A narrativa parte da dificuldade enfrentada pelas famílias ribeirinhas da comunidade flutuante do Catalão, que precisam adquirir um novo gerador após o que abastece a energia da localidade queimar, para contar uma história conhecida que se apoia tanto na jornada do herói quanto em tropos de superação. A escolha não deixa de ser curiosa e, de certa forma compreensível, uma vez que utiliza um cenário específico da região, mas que se alarga conforme universaliza a trama; assim consegue criar um diálogo com o público amazônico, o qual tem a oportunidade de se enxergar em tela e com o restante do país, os quais podem contemplar não só as belezas do território, como também um dos desafios de quem vive nas paragens locais.

A Amazônia para o mundo

Um dos pontos fortes de “Pés de Peixe” é a contemplação amazônica que permeia toda a obra. Estamos diante do sotaque e das gírias amazonenses colocados dentro de um ritmo e condução preocupados em evidenciar o cotidiano da comunidade e os pormenores deste como, por exemplo, a maneira com a qual se comunicam, a ligação familiar existente entre os membros desta sociedade e os ofícios que costumam desempenhar.

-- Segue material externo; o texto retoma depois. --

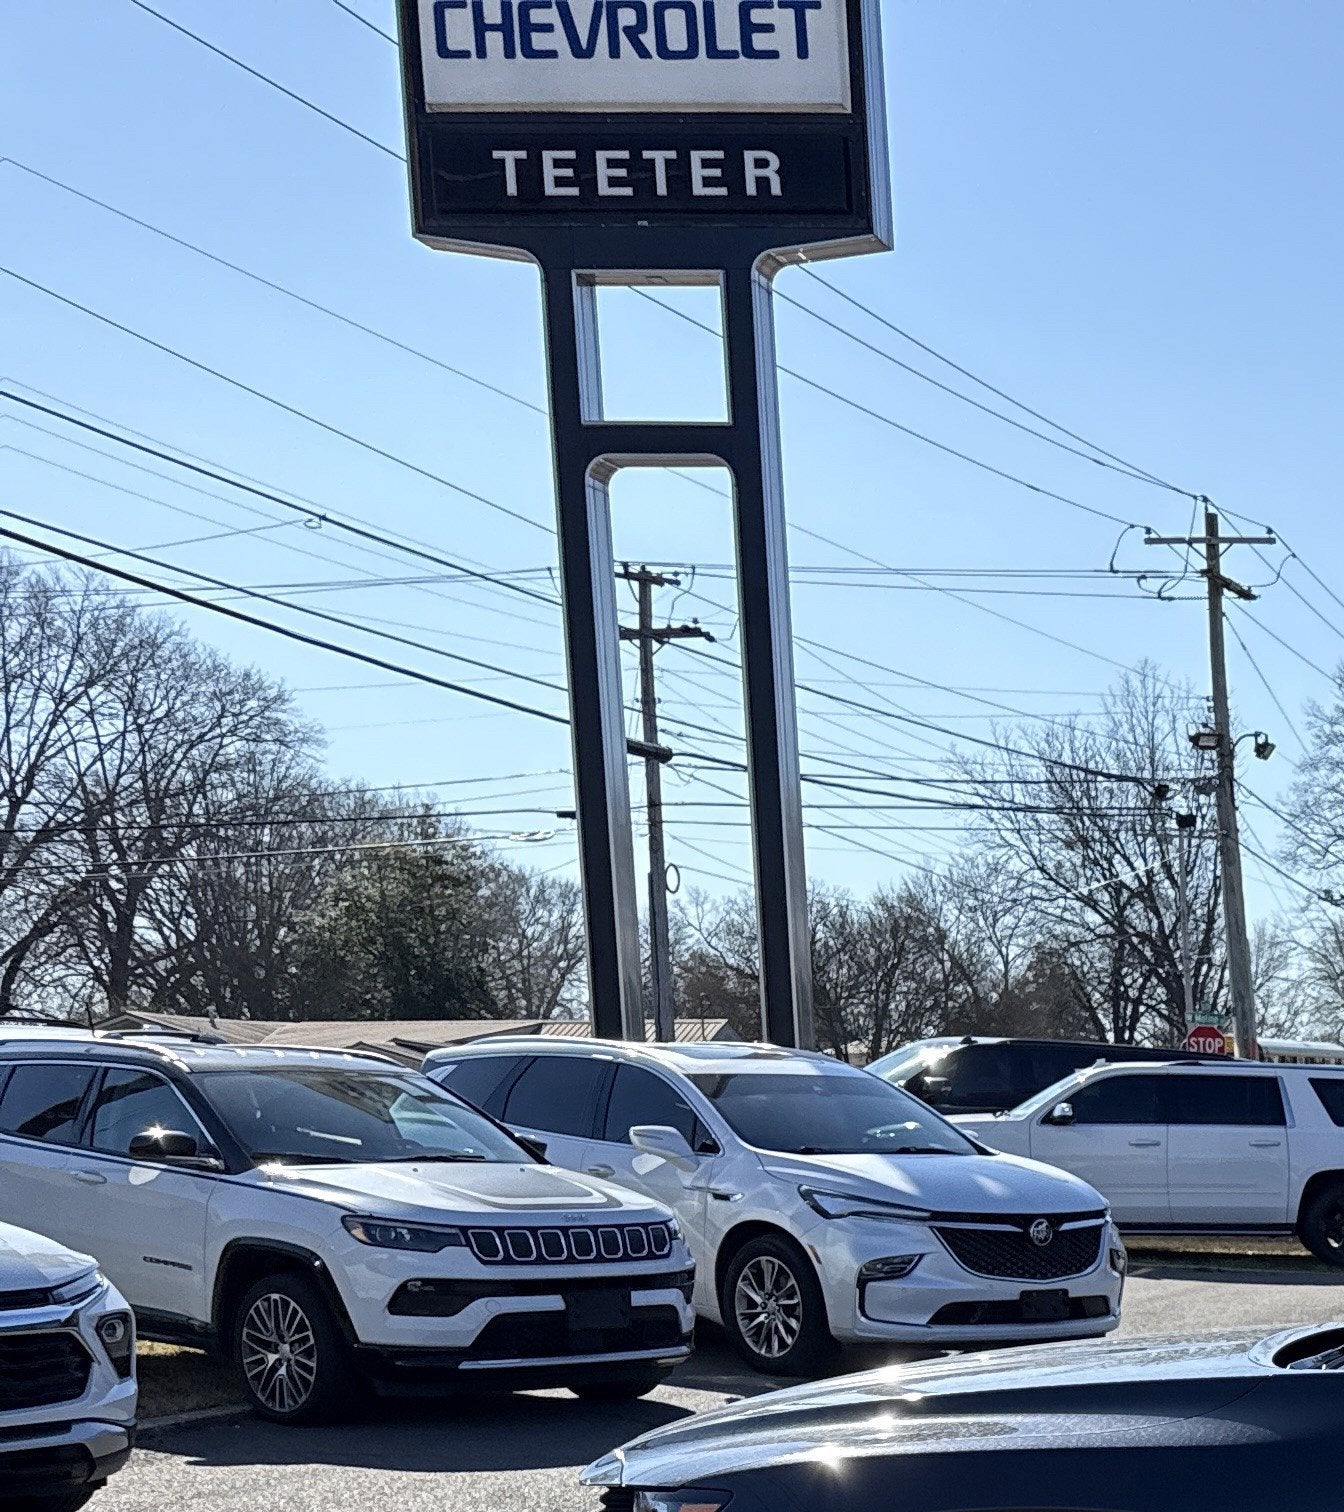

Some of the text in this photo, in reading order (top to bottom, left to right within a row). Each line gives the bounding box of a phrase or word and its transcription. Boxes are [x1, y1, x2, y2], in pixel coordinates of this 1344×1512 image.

[433, 0, 822, 60] CHEVROLET
[492, 149, 783, 197] TEETER
[1189, 1037, 1223, 1053] STOP

É interessante acompanhar como tudo é construído de forma orgânica e imagética a ambientação amazônica. Desde a primeira cena, é notável a diferenciação na rotina dessas comunidades da zona rural em relação até mesmo à urbanidade manauara, sem precisar se ater a referências batidas ou óbvias. 

Nesse aspecto, “Pés de Peixe” me fez pensar nas palavras do poeta paraense Paes Loureiro ao relatar como o tempo na Amazônia segue o mesmo ritmo das águas dos rios e dos ventos nas árvores, articulando uma vivência em simbiose entre a natureza e os habitantes do território. O poeta aborda o quanto essa ligação carrega traços poéticos e é justamente o que acompanhamos diante da conexão de Guilherme (Diego Léo) com as águas e com o Catalão, que torna a sua curta trajetória como atleta um conto de esperança. 

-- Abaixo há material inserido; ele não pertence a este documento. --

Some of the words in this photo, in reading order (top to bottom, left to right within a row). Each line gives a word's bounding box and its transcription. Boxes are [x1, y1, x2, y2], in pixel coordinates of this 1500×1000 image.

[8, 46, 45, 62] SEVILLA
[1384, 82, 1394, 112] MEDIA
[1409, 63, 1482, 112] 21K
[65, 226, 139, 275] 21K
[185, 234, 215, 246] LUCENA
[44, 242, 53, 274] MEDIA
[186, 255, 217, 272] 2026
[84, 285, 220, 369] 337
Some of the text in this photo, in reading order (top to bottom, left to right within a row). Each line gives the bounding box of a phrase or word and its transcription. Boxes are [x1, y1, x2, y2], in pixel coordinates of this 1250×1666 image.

As imagens captadas pela câmera da excelente diretora de fotografia Valentina Ricardo mostram ainda questões para além do imaginário popular: de uma Amazônia rica em sua própria cultura e leitura de suas particularidades. Vale citar, por exemplo, a luz azul que permeia o barco que conduz Guilherme e suas acompanhantes após a corrida: ao mesmo tempo em que é óbvia em expor o sentimento que reveste o personagem naquele momento, faz uma referência clara ao fotógrafo paraense Luiz Braga que popularizou o uso de certas cores e iluminação para evidenciar a cultura amazônica e tem servido de base para muitas obras captadas na região. 

Uma história conhecida

Apesar de beber da cultura regional, “Pés de Peixe” emula de forma breve a jornada do herói. Guilherme é um rapaz prestativo que recebe o chamado para salvar sua comunidade. Ele reluta, mas aceita o desafio e, quando falha, encontra um mentor que o oriente a conquistar o que precisa. Todos esses momentos descritos de sua trajetória batem com a estrutura mítica traçada por Joseph Campbell e se mistura a ideia de um herói despido do egocentrismo e disposto a se provar pelo coletivo. 

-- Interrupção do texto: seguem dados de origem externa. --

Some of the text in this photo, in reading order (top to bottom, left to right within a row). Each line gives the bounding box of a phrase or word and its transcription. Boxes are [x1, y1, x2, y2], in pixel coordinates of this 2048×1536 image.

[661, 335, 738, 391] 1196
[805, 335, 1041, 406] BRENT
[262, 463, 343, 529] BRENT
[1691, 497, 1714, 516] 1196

Diego Léo nos entrega um personagem dócil e afável e, talvez, por esse motivo Rhuann Gabriel, que interpreta alguém bem mais expansivo e expressivo, seja o rosto que rouba a cena em “Pés de Peixe” ao lado do atleta Sandro Viana, intérprete do mentor de Guilherme. A realidade é que, embora o projeto pareça se organizar a partir das ações do nadador-corredor, são os membros da comunidade que realmente guiam os acontecimentos da trama. Neste sentido, é divertido que a resolução do problema que movimenta todo o exposto em tela parta de um aliado do herói e subverta, de certa forma, as expectativas sobre os pés de Guilherme. 

Aldemar Matias e Larissa Ribeiro mostram o potencial cinematográfico que a Amazônia tem a oferecer, pautando como as questões internas estão ligadas a fenômenos universais. O resultado é um filme simpático que engrandece e emociona por poder vermos dentro da tela e nos bastidores rostos que representam a região, os quais, em certa medida, são os nossos próprios corpos e reflexos. Mal vejo a hora de assistir o próximo telefilme amazonense.